---------- SUPPLIED RECORDS
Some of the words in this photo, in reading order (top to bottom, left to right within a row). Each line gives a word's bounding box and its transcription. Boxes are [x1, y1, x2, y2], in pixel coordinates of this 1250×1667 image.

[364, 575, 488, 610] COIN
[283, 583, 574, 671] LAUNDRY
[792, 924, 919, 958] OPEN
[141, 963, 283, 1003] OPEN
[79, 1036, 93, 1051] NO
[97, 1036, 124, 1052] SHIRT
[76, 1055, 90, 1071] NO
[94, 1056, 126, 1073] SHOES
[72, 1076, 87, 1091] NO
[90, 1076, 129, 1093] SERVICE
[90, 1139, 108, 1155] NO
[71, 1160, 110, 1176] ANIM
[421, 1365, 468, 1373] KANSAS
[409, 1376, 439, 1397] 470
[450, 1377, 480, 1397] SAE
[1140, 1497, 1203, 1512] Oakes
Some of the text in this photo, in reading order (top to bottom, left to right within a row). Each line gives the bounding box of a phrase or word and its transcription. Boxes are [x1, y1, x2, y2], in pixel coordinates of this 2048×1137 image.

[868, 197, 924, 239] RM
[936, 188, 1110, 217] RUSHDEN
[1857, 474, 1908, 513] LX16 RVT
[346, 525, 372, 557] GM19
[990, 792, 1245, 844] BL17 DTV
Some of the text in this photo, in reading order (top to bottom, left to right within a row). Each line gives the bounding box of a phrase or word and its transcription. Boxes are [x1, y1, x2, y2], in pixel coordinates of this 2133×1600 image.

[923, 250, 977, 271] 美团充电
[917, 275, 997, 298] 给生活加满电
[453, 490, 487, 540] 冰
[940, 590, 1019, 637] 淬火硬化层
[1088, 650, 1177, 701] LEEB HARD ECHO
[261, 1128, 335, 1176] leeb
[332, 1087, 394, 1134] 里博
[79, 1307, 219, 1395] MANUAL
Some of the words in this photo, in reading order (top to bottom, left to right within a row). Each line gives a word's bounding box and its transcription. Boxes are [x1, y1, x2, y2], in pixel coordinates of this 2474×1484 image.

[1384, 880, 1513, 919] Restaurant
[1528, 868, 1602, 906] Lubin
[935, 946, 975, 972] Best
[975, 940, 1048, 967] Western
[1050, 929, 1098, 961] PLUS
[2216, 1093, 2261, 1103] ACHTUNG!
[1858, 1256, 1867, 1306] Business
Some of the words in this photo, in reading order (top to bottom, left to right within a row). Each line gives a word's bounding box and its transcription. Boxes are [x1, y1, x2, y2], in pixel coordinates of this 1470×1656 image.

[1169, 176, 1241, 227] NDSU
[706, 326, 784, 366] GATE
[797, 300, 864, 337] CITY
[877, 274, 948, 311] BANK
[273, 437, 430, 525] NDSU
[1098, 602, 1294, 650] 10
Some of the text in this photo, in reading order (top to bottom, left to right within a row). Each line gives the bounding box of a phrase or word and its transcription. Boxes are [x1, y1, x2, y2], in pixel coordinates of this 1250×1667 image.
--------------------
AIM OF THE EXERCISE
Give the entries again exactly as they stand.

ANSWER FOR THE TASK
Some of the words in this photo, in reading order (top to bottom, left to right within a row). Each line gives a word's bounding box and its transcription. Boxes are [x1, y1, x2, y2], in pixel coordinates of this 1250×1667 image.

[364, 575, 488, 610] COIN
[283, 583, 574, 671] LAUNDRY
[792, 924, 919, 958] OPEN
[141, 963, 283, 1003] OPEN
[79, 1036, 93, 1051] NO
[97, 1036, 124, 1052] SHIRT
[76, 1055, 90, 1071] NO
[94, 1056, 126, 1073] SHOES
[72, 1076, 87, 1091] NO
[90, 1076, 129, 1093] SERVICE
[90, 1139, 108, 1155] NO
[71, 1160, 110, 1176] ANIM
[421, 1365, 468, 1373] KANSAS
[409, 1376, 439, 1397] 470
[450, 1377, 480, 1397] SAE
[1140, 1497, 1203, 1512] Oakes
Some of the text in this photo, in reading order (top to bottom, left to right within a row). Each line gives the bounding box of a phrase or word and its transcription. Boxes are [x1, y1, x2, y2], in pixel coordinates of this 2048×1137 image.

[868, 197, 924, 239] RM
[936, 188, 1110, 217] RUSHDEN
[1857, 474, 1908, 513] LX16 RVT
[346, 525, 372, 557] GM19
[990, 792, 1245, 844] BL17 DTV
Some of the text in this photo, in reading order (top to bottom, left to right within a row). Each line gives the bounding box of a phrase or word and its transcription. Boxes are [x1, y1, x2, y2], in pixel coordinates of this 2133×1600 image.

[923, 250, 977, 271] 美团充电
[917, 275, 997, 298] 给生活加满电
[453, 490, 487, 540] 冰
[940, 590, 1019, 637] 淬火硬化层
[1088, 650, 1177, 701] LEEB HARD ECHO
[261, 1128, 335, 1176] leeb
[332, 1087, 394, 1134] 里博
[79, 1307, 219, 1395] MANUAL
Some of the words in this photo, in reading order (top to bottom, left to right within a row). Each line gives a word's bounding box and its transcription. Boxes are [x1, y1, x2, y2], in pixel coordinates of this 2474×1484 image.

[1384, 880, 1513, 919] Restaurant
[1528, 868, 1602, 906] Lubin
[935, 946, 975, 972] Best
[975, 940, 1048, 967] Western
[1050, 929, 1098, 961] PLUS
[2216, 1093, 2261, 1103] ACHTUNG!
[1858, 1256, 1867, 1306] Business
Some of the words in this photo, in reading order (top to bottom, left to right within a row). Each line gives a word's bounding box and its transcription. Boxes are [x1, y1, x2, y2], in pixel coordinates of this 1470×1656 image.

[1169, 176, 1241, 227] NDSU
[706, 326, 784, 366] GATE
[797, 300, 864, 337] CITY
[877, 274, 948, 311] BANK
[273, 437, 430, 525] NDSU
[1098, 602, 1294, 650] 10
Some of the text in this photo, in reading order (top to bottom, left to right within a row). Each line gives the bounding box of a phrase or word and its transcription. Boxes are [x1, y1, x2, y2], in pixel coordinates of this 1250×1667 image.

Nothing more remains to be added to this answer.